Ages at first report of early and late WDR45-related manifestations stratified by sex. (A) Age at first report of developmental delay (n_male = 8, n_female = 35), epileptic seizures (n_male = 13, n_female = 71) and epileptic spasms (n_male = 6, n_female = 11) shown as time-dependent proportions. Age is depicted in years. The median age at onset is highlighted with dashed lines. (B) Age at first report of brain iron deposition (n_male = 8, n_female = 59), movement disorders (n_male = 9, n_female = 67), developmental regression (n_male = 3, n_female = 24) and mental deterioration (n_male = 3, n_female = 33) shown as time-dependent proportion. Age is depicted in years. The median age at onset is highlighted with dashed lines. No significant differences were detected between the two groups. Statistical testing was done using the Mann-Whitney U test.

Figure 5.

Distribution of reported disease-causing variants in WDR45. (A) Chromosomal region of WDR45 including 11 exons illustrated as green rectangles. Chromosomal positions of disease-causing variants are indicated by vertical lines.
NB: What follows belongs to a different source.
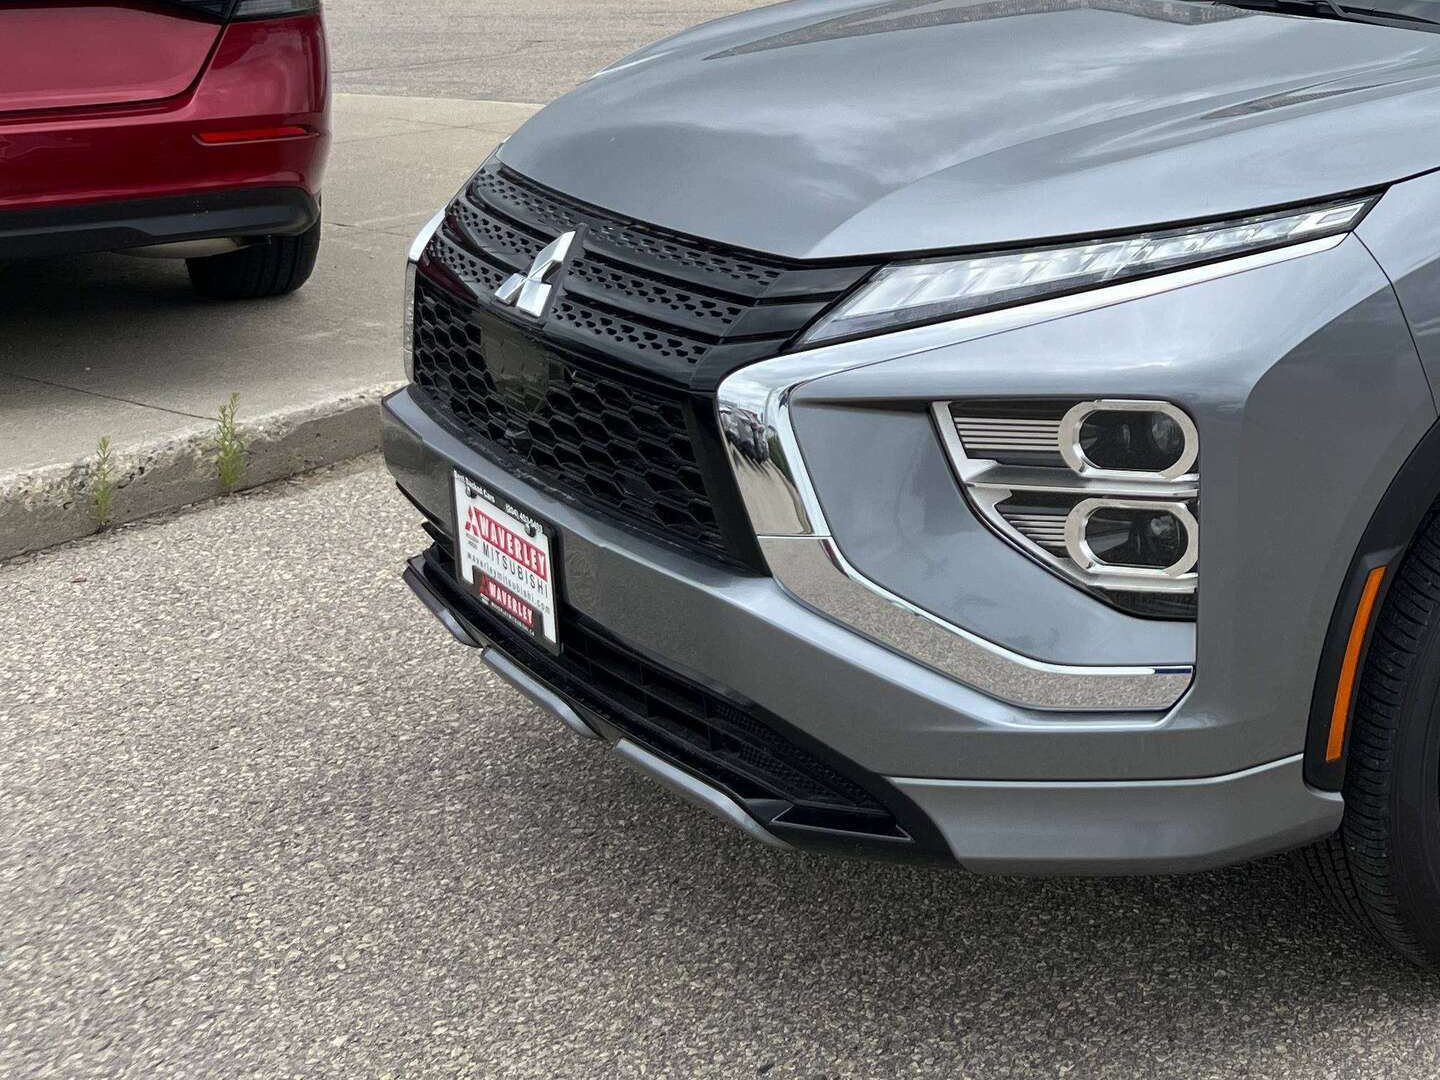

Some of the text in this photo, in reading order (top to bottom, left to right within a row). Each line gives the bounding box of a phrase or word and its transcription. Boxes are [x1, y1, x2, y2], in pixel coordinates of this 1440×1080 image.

Variants resulting in frameshifts and premature stop codons are plotted above and the remaining variants below the gene. (B) Densities of pathogenic WDR45 variants from the literature (red) and benign variants from the gnomAD genomes database (green) according to their chromosomal position. Densities show mainly reciprocal distributions suggesting little tolerance in the healthy population toward variation in regions of pathogenic variant enrichment. (C) Heat map visualization of variant effect prediction score values for all possible missense variants according to their position of amino acid exchange within the WDR45 protein sequence. Arithmetic means of REVEL score values at any protein position are color-coded. WD repeat domains are highlighted by dashed lines. Reported WDR45 missense variants are shown as black ticks. Accumulation of high score values in the C-terminal section of WDR45 suggest a functional relevance of this region with low tolerance to missense variation.

Figure 6.

Genotype-phenotype association analysis of WDR45-related NDD. (A) Frequencies of reported Human Phenotype Ontology ancestor terms derived phenotypic features stratified for predicted variant effects (n_{Protein loss} = 129/160, n_{Residual protein function} = 18/116). Frequencies greater than 20% are printed on the respective bars. No significant differences were detected. Statistical testing was done using Pearson’s Chi-squared test or Fisher’s exact test (in case of less than 5 counts per subgroup). (B and C) Age at first report of early and late manifestations stratified by predicted mutational effects. (B). First report of ndevelopmental delay (n_{Protein loss} = 30, n_{Residual protein function} = 4), epileptic seizures (n_{Protein loss} = 68, n_{Residual protein function} = 9) and epileptic spasms (n_{Protein loss} = 14, n_{Residual protein function} = 2). (C). First report of brain iron deposition (n_{Protein loss} = 52, n_{Residual protein function} = 7), movement disorders (n_{Protein loss} = 63, n_{Residual protein function} = 11), developmental regression (n_{Protein loss} = 23, n_{Residual protein function} = 4) and mental deterioration (n_{Protein loss} = 30, n_{Residual protein function} = 4). Age is depicted in years. The median age at presence of specific symptoms is marked by dashed lines. No significant differences were detected. Statistic testing was done using the Mann-Whitney U test.